Although Indonesian authorities want Azahari and Noordin for complicity in the Marriott blast, only recently has the critical nature of their alleged roles been revealed by evidence given during police interrogations of other suspected terrorists. According to transcripts of the interrogations of those held for the Marriott attack, which have been translated by ICG and seen by TIME, Noordin was chief strategist of the Marriott attack while Azahari played the role of operational commander, recruiting the suicide bomber and training other participants in bomb construction.
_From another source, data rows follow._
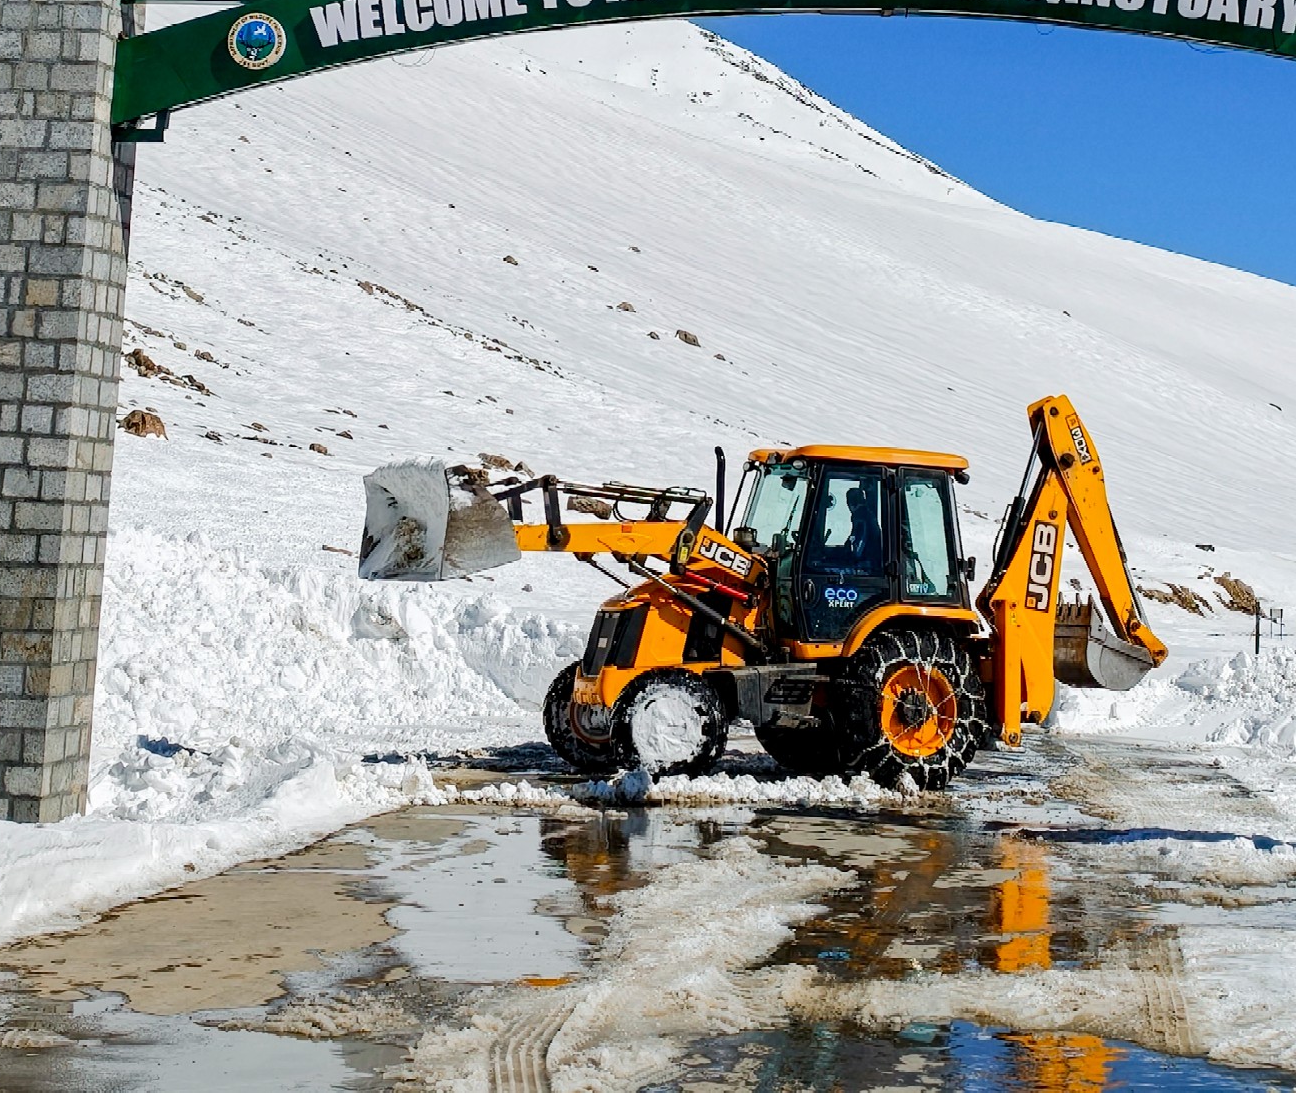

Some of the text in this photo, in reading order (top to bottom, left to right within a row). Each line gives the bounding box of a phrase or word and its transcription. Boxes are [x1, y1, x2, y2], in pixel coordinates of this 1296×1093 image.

[1071, 426, 1092, 464] 3DX
[700, 539, 752, 576] JCB
[1026, 523, 1057, 610] JCB
[825, 588, 857, 600] eco
[828, 599, 854, 608] XPERT
A chilling insight into Azahari's cool shepherding of less seasoned accomplices during the operation is given by one of his chief accomplices, a former auto mechanic now under arrest for his own suspected role in the Marriott bombing. According to the transcripts, Azahari's accomplice told his interrogators that he and Azahari filled a minivan with explosives with the help of Asmar Latin Sani, the 28-year-old who was to detonate the bomb. Azahari himself drove the Toyota to a nearby mosque on the day of the bombing, his accomplice told police. After a brief final prayer, Asmar changed places with Azahari, who climbed onto the back of a motorcycle driven by the accomplice. "The motorcycle went first, followed by Asmar driving the truck," the accomplice told police. "About 200 meters before the hotel, Asmar pulled out in front and proceeded toward the lobby, while Azahari and I turned around and headed toward the Carrefour supermarket. Shortly afterward, we heard a big explosion, and I said, 'Allahuakbar'"God is great.
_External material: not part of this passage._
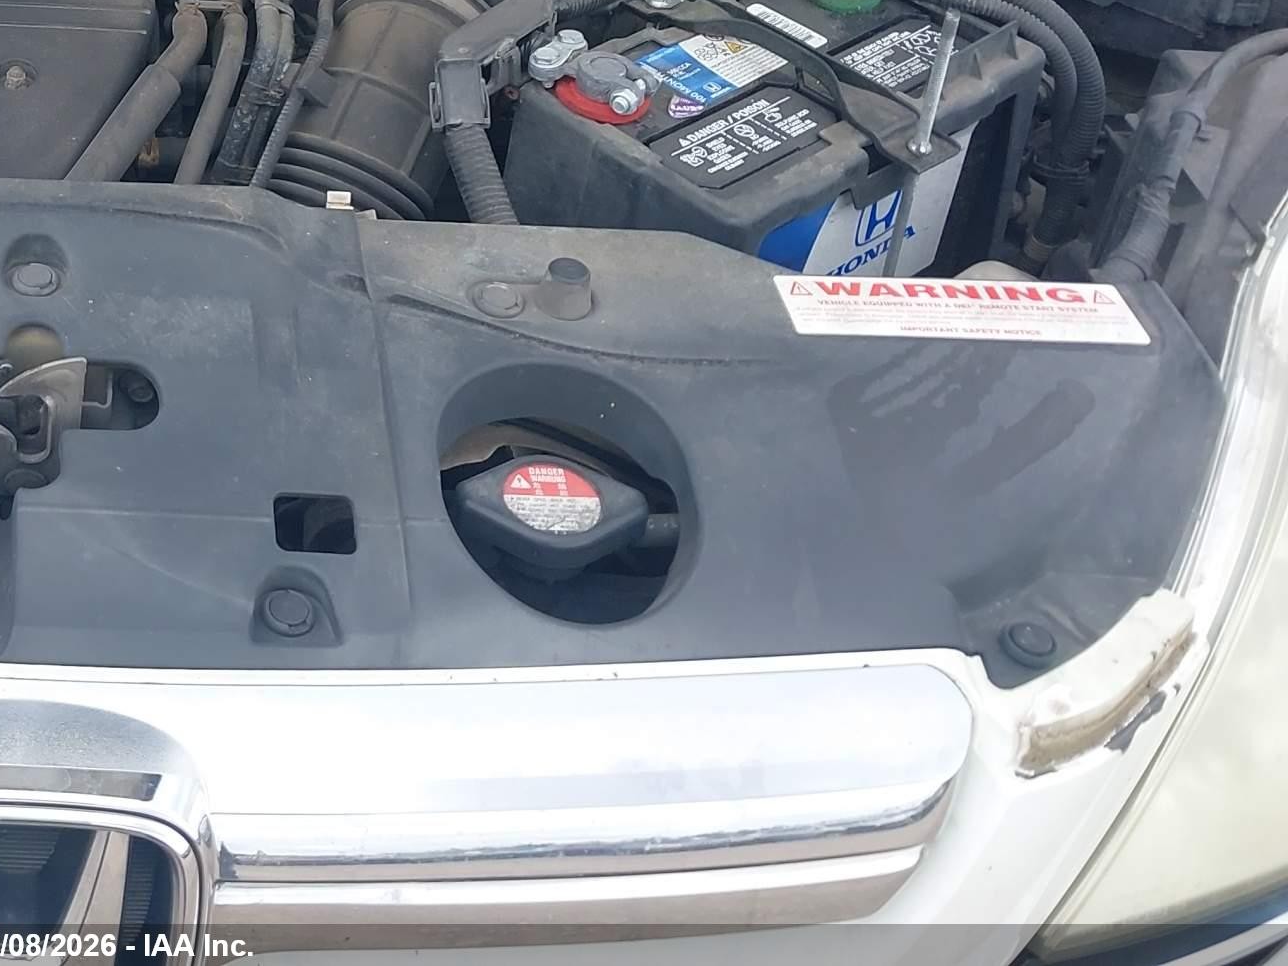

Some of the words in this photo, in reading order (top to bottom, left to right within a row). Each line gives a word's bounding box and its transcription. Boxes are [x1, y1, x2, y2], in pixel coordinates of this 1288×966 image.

[687, 119, 728, 142] DANGER
[734, 98, 772, 121] POISON
[814, 281, 1087, 304] WARNING
[528, 467, 565, 476] DANGER
For now, the police are focused on capturing Azahari and Noordin, intensifying a nationwide manhunt that they say has seen the two men slip away from arrest with minutes to spare no fewer than four times. The continued threat the pair pose was underlined by Suyitno Landung, head of Indonesia's criminal-investigation department, who told reporters that Azahari had recruited suicide bombers after the Marriott bombing. Six were arrested, and they confessed to police that three others were still at large; two of them, said Landung, might have been last week's bombers.
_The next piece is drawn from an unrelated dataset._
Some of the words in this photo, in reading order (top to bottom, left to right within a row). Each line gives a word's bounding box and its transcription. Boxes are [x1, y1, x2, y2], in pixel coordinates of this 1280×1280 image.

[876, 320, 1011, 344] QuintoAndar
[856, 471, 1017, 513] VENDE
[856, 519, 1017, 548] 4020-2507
With more than 200 of its members arrested since the Bali blasts, its access to money disrupted and many of its alleged leaders in jail, J.I. may be badly wounded. But it is still alive. "There are still a number of J.I. leaders out there who have the international contacts, charisma and tactical skills to organize this sort of attack," says Jones. Perhaps the most effective weapon against the terrorists may eventually prove to be public opinion. Although the Bali bombings met with a muted response in Indonesia, the widely televised death and suffering caused by the attacks on the Marriott and the Australian embassy have enraged ordinary people. "No Muslim person should ever call himself a Muslim if he is capable of doing something like this," says the motorbike taxi driver Eri. "Enough is enough. These people must be stopped."